Ma qual è il pericolo concreto che le donne correrebbero all’indomani della restaurazione del potere di un gruppo integralista? Vale la pena, a tal proposito, fare qualche passo indietro e ripercorrere le motivazioni alla base dei negoziati che hanno condotto alla sigla dell’accordo di pace, risalente al 29 febbraio 2020, tra gli USA e i talebani dopo ben 20 anni di conflitto.

L’accordo prevedeva il graduale ritiro delle truppe americane e dei loro alleati entro 14 mesi dalla firma. In cambio, i talebani si impegnavano a impedire il radicamento di gruppi terroristici sul territorio allo scopo di pianificare attacchi all’estero.

Proprio in occasione dei negoziati di pace, i talebani hanno manifestato espressamente l’intenzione di “proteggere i diritti delle donne sotto la sharia”, ovvero la legge islamica. Una simile dichiarazione ha contribuito a intensificare il clima di preoccupazione tra le donne dal momento che, proprio in nome della sharia, le donne non possono godere della tutela dei diritti e delle libertà fondamentali: secondo la sharia, infatti esse possono essere frustate se ascoltano musica o lapidate se accusate di adulterio; hanno l’obbligo di indossare il burqa, in quanto non è consentito loro mostrare il corpo in pubblico.

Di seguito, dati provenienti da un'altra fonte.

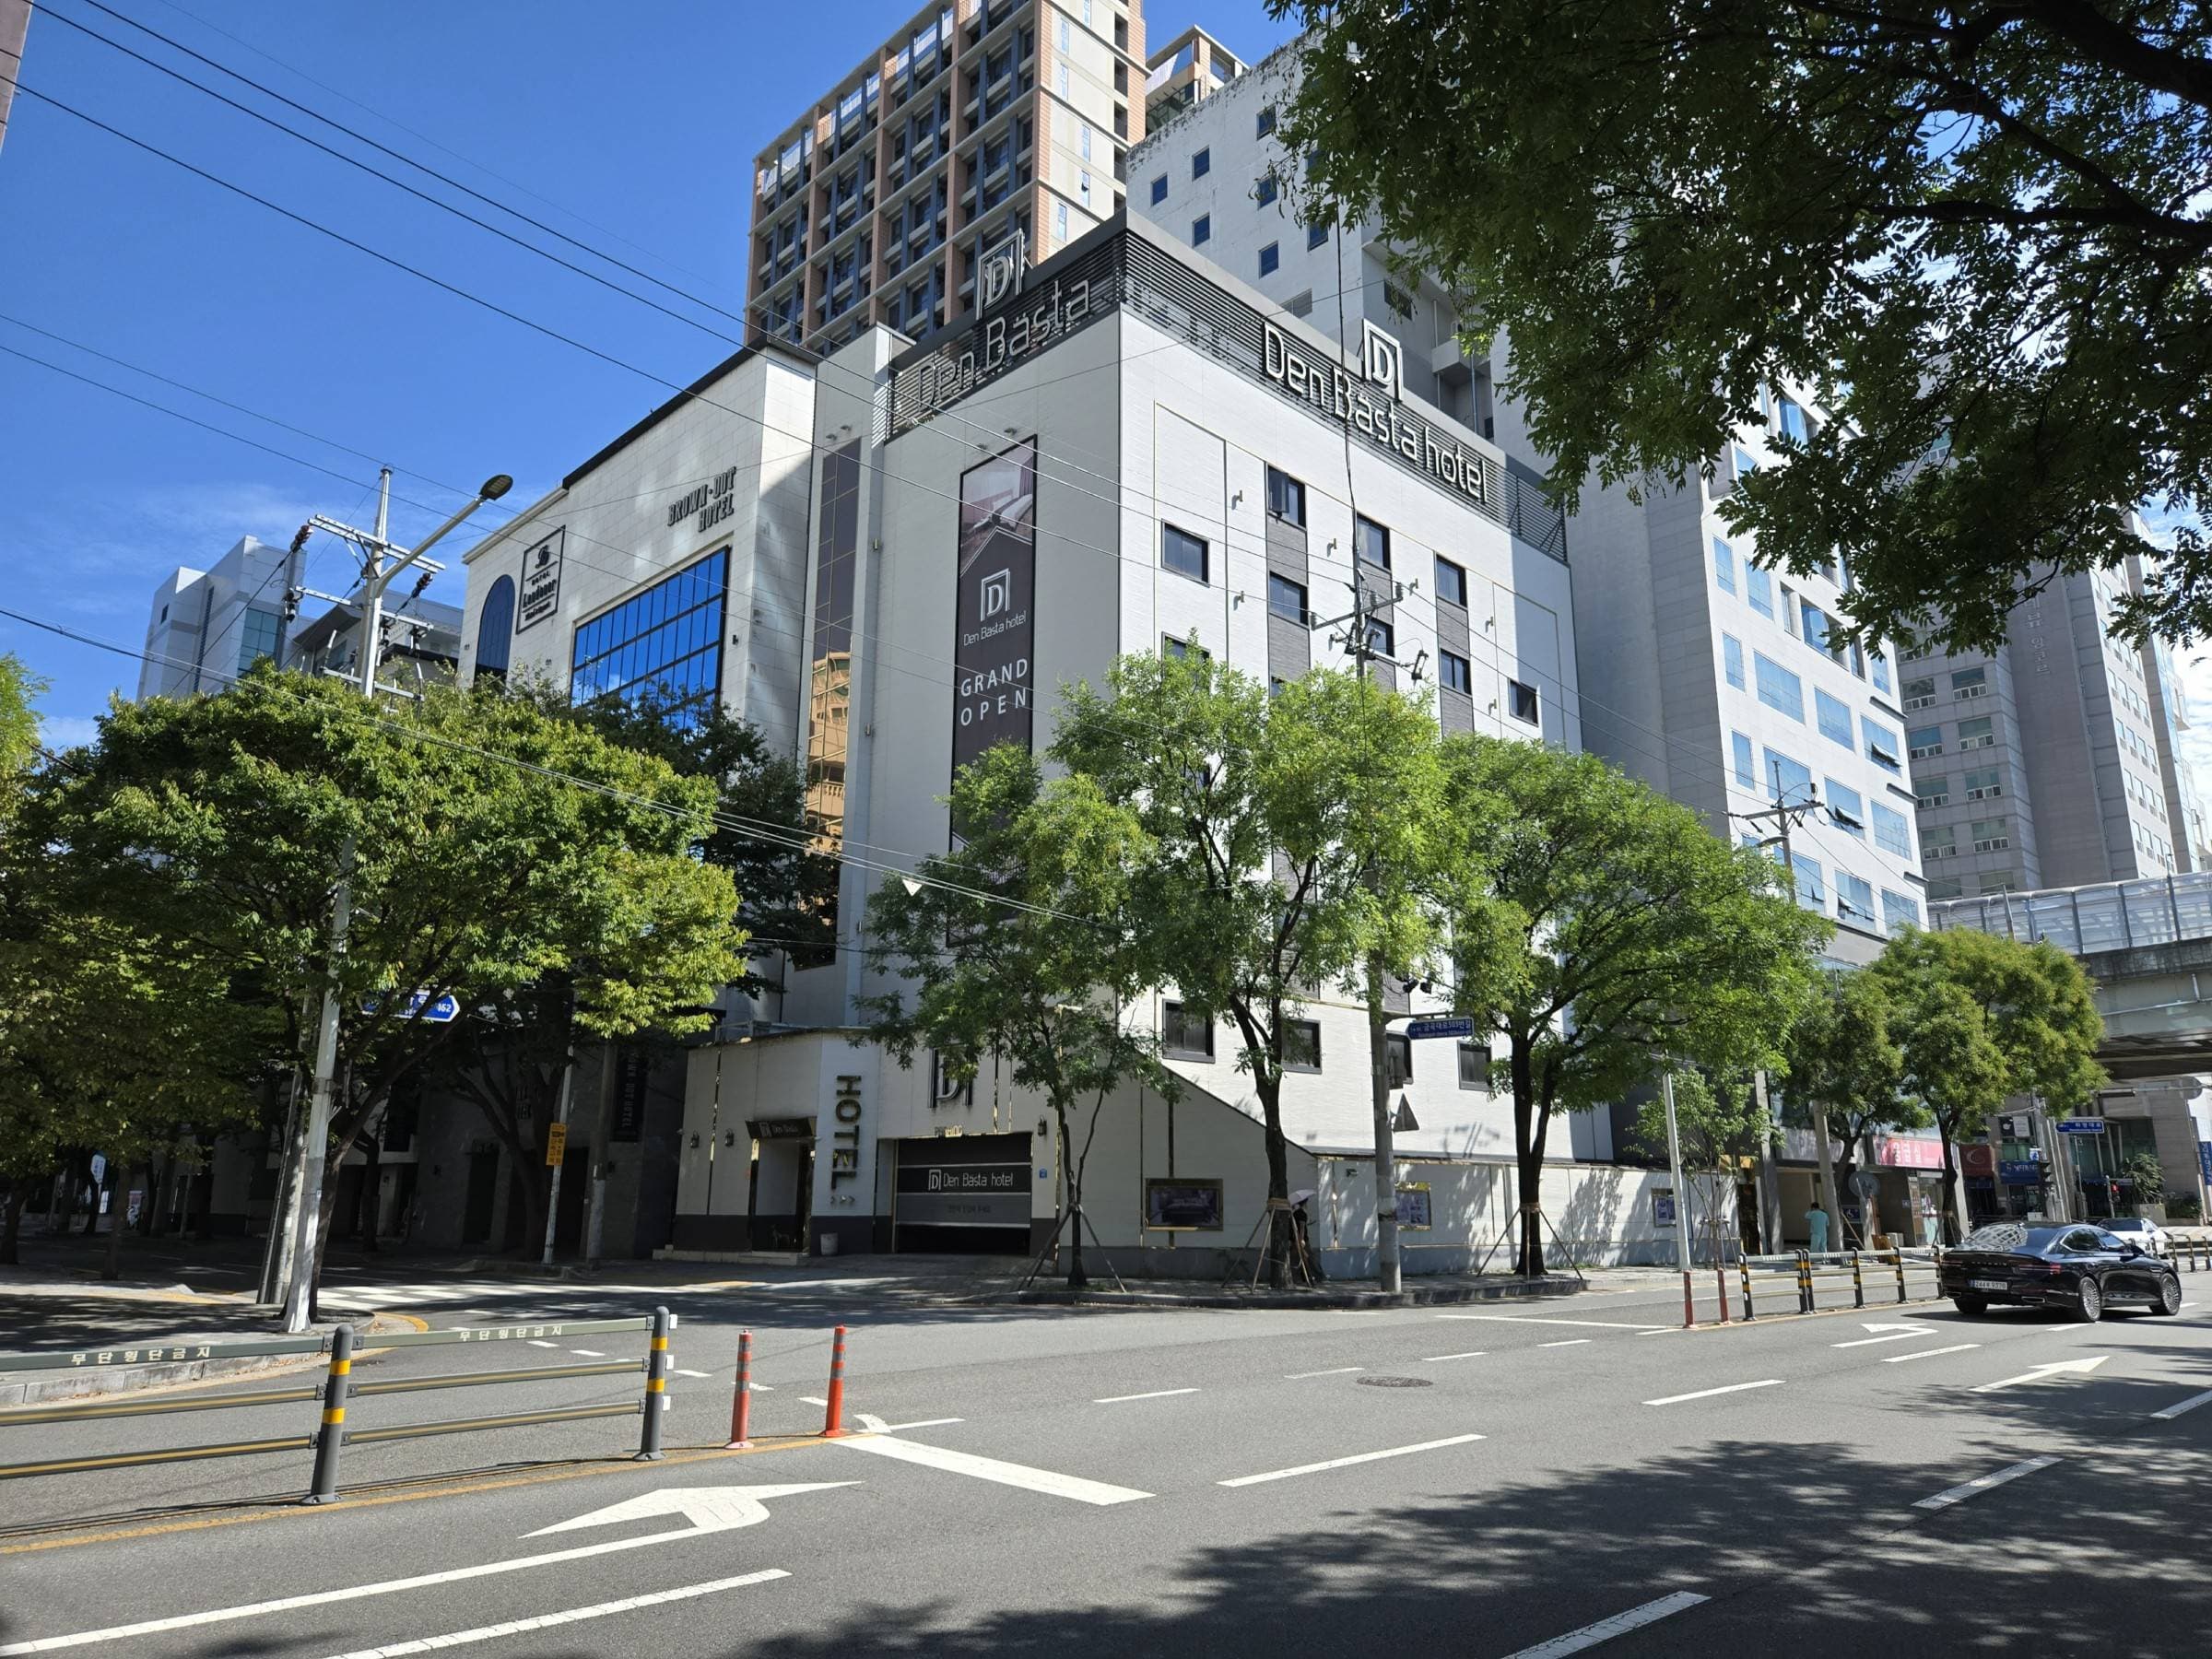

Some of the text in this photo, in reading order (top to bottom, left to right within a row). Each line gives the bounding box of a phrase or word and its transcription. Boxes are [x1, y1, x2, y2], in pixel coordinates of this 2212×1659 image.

[917, 351, 975, 413] Den
[1265, 323, 1488, 503] Den Bästa hotel
[699, 493, 735, 533] HOTEL
[963, 632, 979, 646] Den
[1006, 611, 1027, 629] hotel
[2030, 633, 2052, 677] 앙코르
[960, 658, 1029, 697] GRAND
[960, 688, 1027, 726] OPEN
[830, 1075, 862, 1191] HOTEL
[943, 1172, 959, 1187] Den
[991, 1171, 1014, 1187] hotel
[457, 1325, 562, 1341] 무단횡단금지
[71, 1347, 210, 1366] 무단횡단금지

A questo si aggiunge la paura che i talebani possano nuovamente sopprimere il diritto all’istruzione, già scarsamente garantito nei territori non occupati da gruppi integralisti.

D’altronde, un anticipo di quello che potrebbe verificarsi è già in corso. Come osservato dalla missione delle Nazioni Unite UNAMA, a un anno di distanza dagli accordi di Doha, l’impetuosità delle violenze subite dalla popolazione civile non ha mai subito un arresto. Anzi, le violenze registrate nei primi tre mesi del 2021 hanno raggiunto il livello del 2019, annullando le speranze generate dalla temporanea diminuzione delle violenze registratesi nel 2020.

Alla luce di simili considerazioni, le preoccupazioni e le paure che affliggono le donne afghane sono senz’altro pienamente condivisibili. Il futuro dei diritti delle donne afghane resta una grande incognita. Infatti, qualunque sia il gruppo integralista, che siano talebani o o l’ISIS, è quasi certo che il vuoto lasciato dalle forze internazionali verrà soppiantato dalla presa del potere degli integralisti che approfitteranno della debolezza del governo afghano per poter imporre il loro controllo.